Status: In Progress
The ConsumeKafkaRecord processors are among the most commonly used in NiFi, as they provide a very efficient mechanism for consuming structured data from Kafka. The down side to these processors that they do not support writing out the Kafka record's key. This was done because we wanted to bundle the records' values together into a single FlowFile, and we didn't have a good way to include the key.
For users who don't care about the key, this works great. For users that do need the key, they often are forced to use the non-record-oriented ConsumeKafka, which adds the key as an attribute. But this means that the key may need to be hex-encoded, which makes it less usable and it means that we are creating a FlowFile per kafka record.
We should improve this by introducing some new properties to the ConsumeKafkaRecord processors:
- Output Strategy. This property should have the following values:
- Write Value Only - This should be the default value in order to maintain backward compatibility and should behave the same as it does now.
- Use Wrapper - If selected, records that are provided to the Record Writer should be wrapped in a wrapper element that contains 4 keys: "key" (the kafka record key), "value" (the kafka record value), "headers" (a Map type of field with Strings as both the keys and values), and "metadata" (should include topic, partition, offset, timestamp, checksum).
If the Output Strategy selected is "Use Wrapper", we should provide the following properties:
- Key Format - Allowable Values of (String, Byte Array, Record)
- Key Record Reader - if Key Format = "Record" then should allow specifying a Record Reader for the key. Should be dependent on Key Format = Record.
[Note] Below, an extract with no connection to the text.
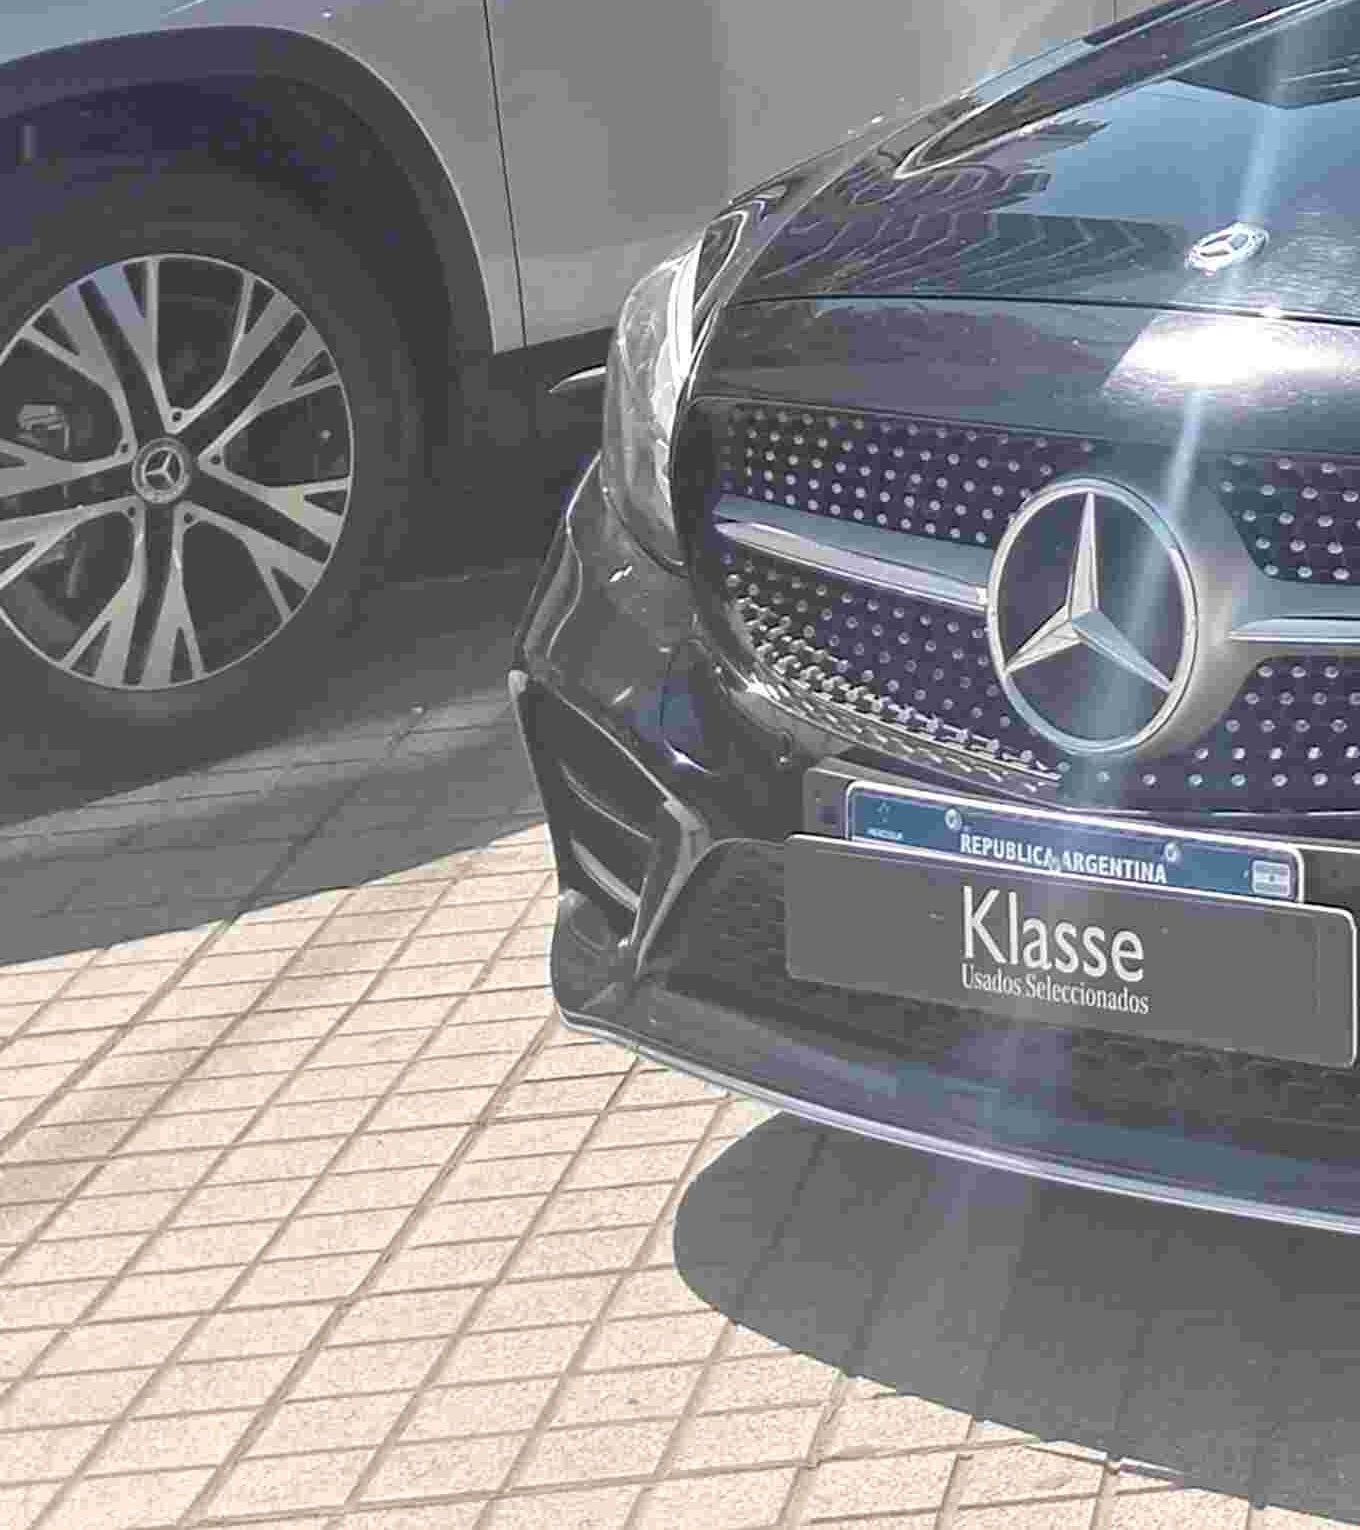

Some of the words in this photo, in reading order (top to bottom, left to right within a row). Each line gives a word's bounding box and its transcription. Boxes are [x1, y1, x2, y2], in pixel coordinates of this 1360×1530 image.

Additionally, if the headers and the Kafka record key should only be added as attributes if using an Output Strategy of "Write Value Only." As a result, the following existing properties should be made dependent on using an Output Strategy of "Write Value Only":
- Headers to Add as Attributes (Regex)
- Key Attribute Encoding
It will also be important to update the additionalDetails.html to explain the differences between the two output modes, and provide examples, including when one strategy should be preferred over the other.